## Task requirements
What is needed is a verbatim copy of every record below, with the pictures left out.
Segment Start: Supplied data
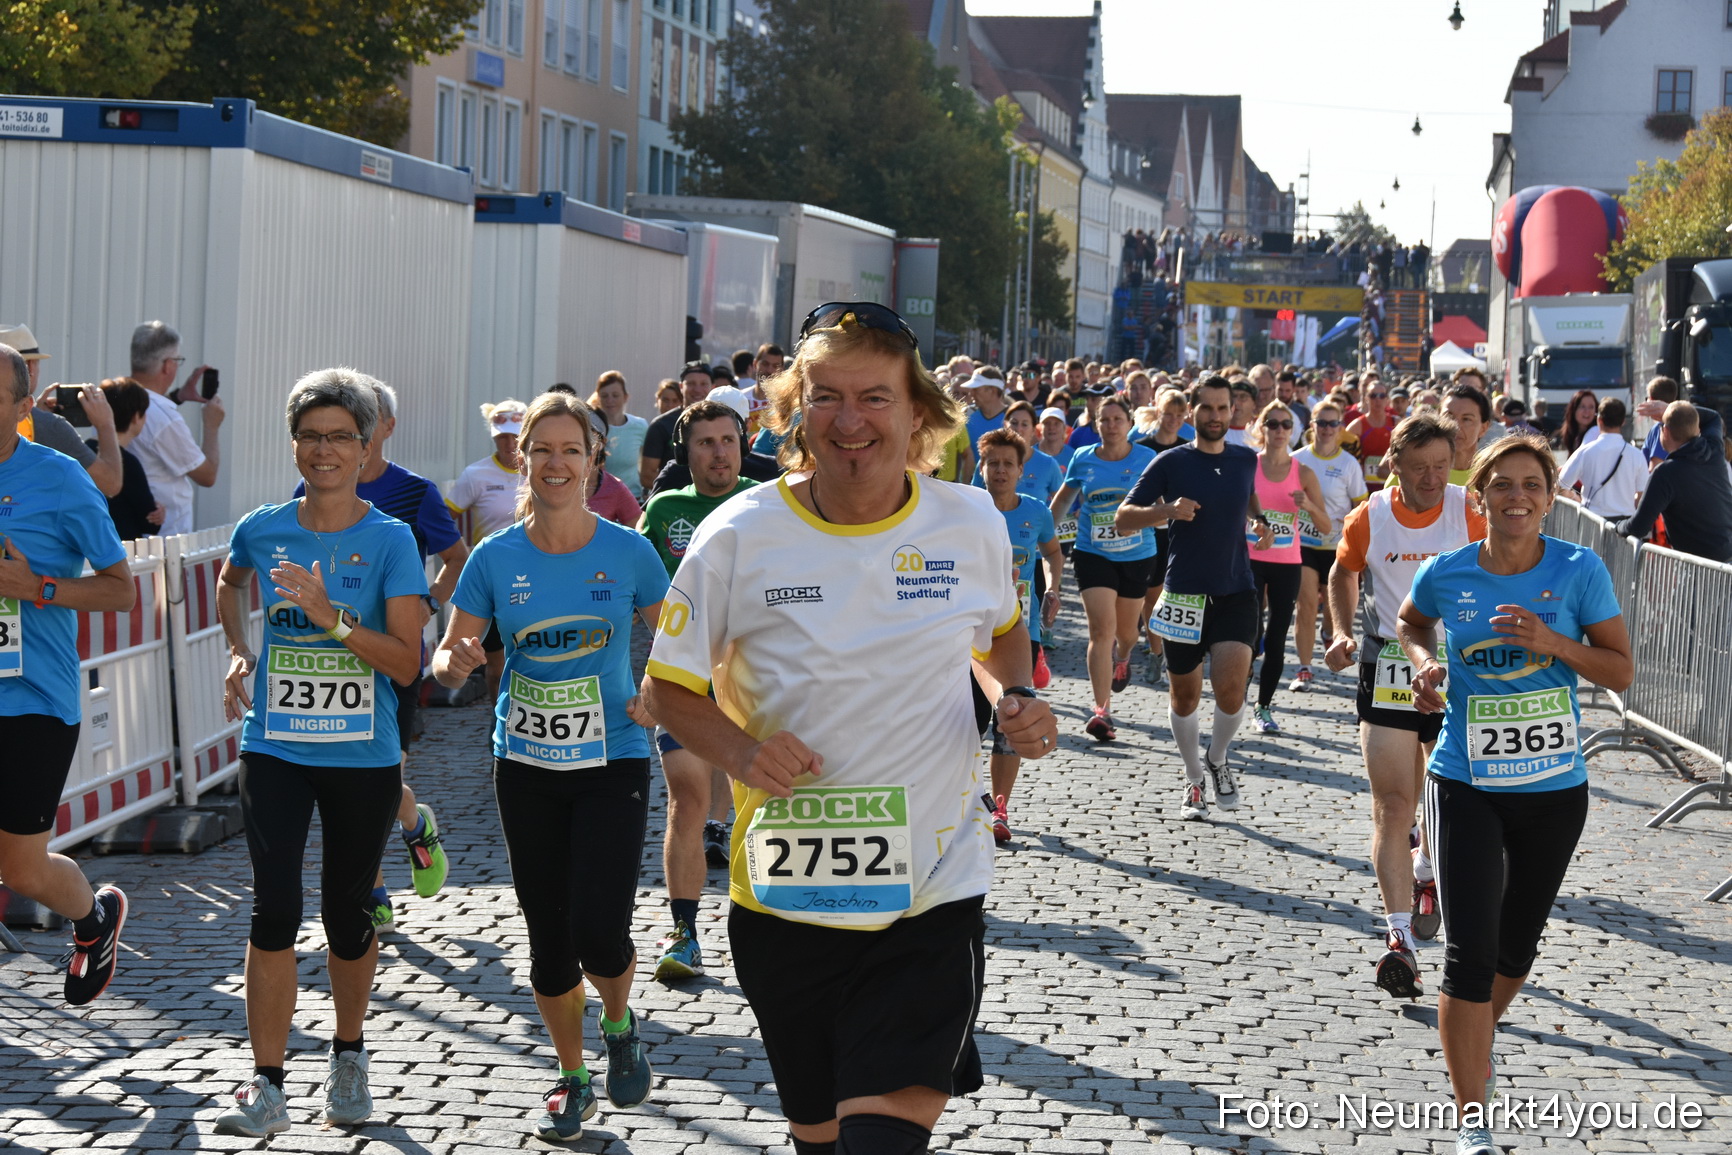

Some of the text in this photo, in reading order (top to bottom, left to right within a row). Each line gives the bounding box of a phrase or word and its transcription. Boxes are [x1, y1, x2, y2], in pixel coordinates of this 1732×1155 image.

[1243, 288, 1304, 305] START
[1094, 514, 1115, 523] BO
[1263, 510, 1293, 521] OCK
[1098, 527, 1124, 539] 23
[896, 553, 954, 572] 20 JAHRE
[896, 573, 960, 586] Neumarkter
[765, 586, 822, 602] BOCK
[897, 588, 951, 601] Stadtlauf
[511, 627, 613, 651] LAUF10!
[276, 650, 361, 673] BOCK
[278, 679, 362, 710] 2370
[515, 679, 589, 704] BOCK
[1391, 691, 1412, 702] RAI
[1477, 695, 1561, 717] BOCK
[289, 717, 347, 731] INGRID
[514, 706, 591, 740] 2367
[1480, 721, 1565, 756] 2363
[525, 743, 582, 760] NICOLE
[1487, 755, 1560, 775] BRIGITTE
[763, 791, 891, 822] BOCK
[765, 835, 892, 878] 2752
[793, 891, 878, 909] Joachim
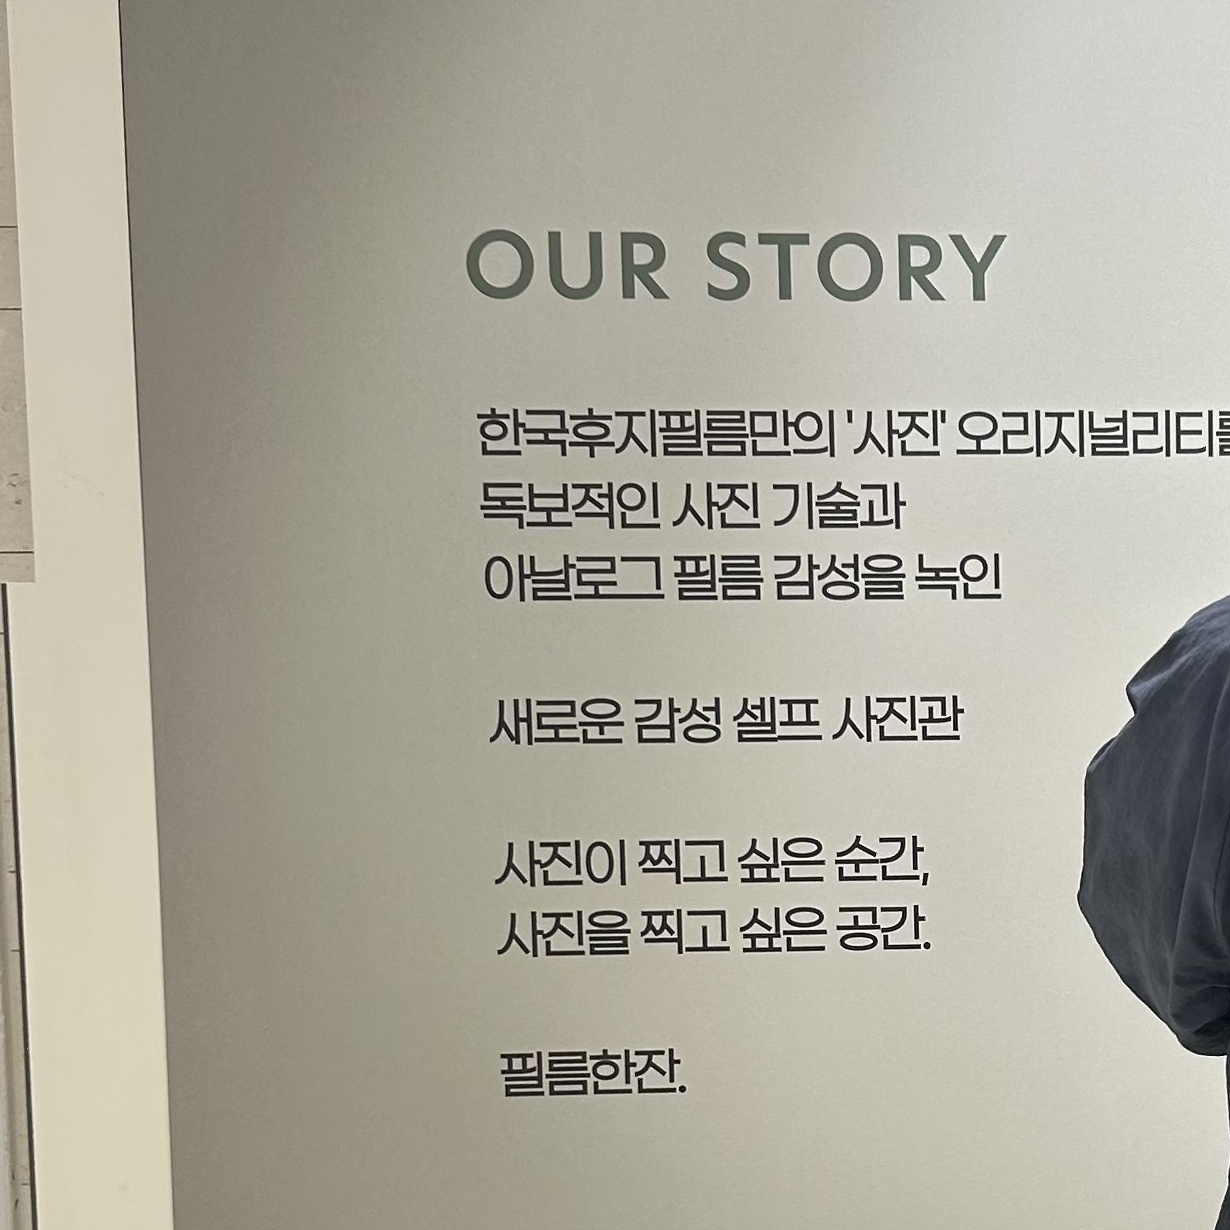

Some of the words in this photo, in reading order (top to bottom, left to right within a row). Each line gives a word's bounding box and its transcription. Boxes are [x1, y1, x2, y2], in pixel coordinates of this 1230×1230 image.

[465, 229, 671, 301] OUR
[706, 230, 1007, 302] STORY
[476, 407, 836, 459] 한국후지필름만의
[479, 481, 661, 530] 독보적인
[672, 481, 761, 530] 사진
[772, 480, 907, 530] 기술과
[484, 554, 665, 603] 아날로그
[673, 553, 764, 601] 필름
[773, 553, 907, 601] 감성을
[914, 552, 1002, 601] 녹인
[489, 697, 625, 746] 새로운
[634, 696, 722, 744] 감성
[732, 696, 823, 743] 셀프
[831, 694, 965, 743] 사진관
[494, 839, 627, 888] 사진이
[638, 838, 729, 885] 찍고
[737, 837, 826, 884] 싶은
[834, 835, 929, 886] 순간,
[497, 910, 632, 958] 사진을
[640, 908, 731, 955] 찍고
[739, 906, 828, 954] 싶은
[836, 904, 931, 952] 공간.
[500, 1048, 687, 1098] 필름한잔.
Segment End: Supplied data
## Reply to the exercise
Some of the text in this photo, in reading order (top to bottom, left to right within a row). Each line gives the bounding box of a phrase or word and its transcription. Boxes are [x1, y1, x2, y2], in pixel coordinates of this 1732×1155 image.

[1243, 288, 1304, 305] START
[1094, 514, 1115, 523] BO
[1263, 510, 1293, 521] OCK
[1098, 527, 1124, 539] 23
[896, 553, 954, 572] 20 JAHRE
[896, 573, 960, 586] Neumarkter
[765, 586, 822, 602] BOCK
[897, 588, 951, 601] Stadtlauf
[511, 627, 613, 651] LAUF10!
[276, 650, 361, 673] BOCK
[278, 679, 362, 710] 2370
[515, 679, 589, 704] BOCK
[1391, 691, 1412, 702] RAI
[1477, 695, 1561, 717] BOCK
[289, 717, 347, 731] INGRID
[514, 706, 591, 740] 2367
[1480, 721, 1565, 756] 2363
[525, 743, 582, 760] NICOLE
[1487, 755, 1560, 775] BRIGITTE
[763, 791, 891, 822] BOCK
[765, 835, 892, 878] 2752
[793, 891, 878, 909] Joachim

Some of the words in this photo, in reading order (top to bottom, left to right within a row). Each line gives a word's bounding box and its transcription. Boxes are [x1, y1, x2, y2], in pixel coordinates of this 1230×1230 image.

[465, 229, 671, 301] OUR
[706, 230, 1007, 302] STORY
[476, 407, 836, 459] 한국후지필름만의
[479, 481, 661, 530] 독보적인
[672, 481, 761, 530] 사진
[772, 480, 907, 530] 기술과
[484, 554, 665, 603] 아날로그
[673, 553, 764, 601] 필름
[773, 553, 907, 601] 감성을
[914, 552, 1002, 601] 녹인
[489, 697, 625, 746] 새로운
[634, 696, 722, 744] 감성
[732, 696, 823, 743] 셀프
[831, 694, 965, 743] 사진관
[494, 839, 627, 888] 사진이
[638, 838, 729, 885] 찍고
[737, 837, 826, 884] 싶은
[834, 835, 929, 886] 순간,
[497, 910, 632, 958] 사진을
[640, 908, 731, 955] 찍고
[739, 906, 828, 954] 싶은
[836, 904, 931, 952] 공간.
[500, 1048, 687, 1098] 필름한잔.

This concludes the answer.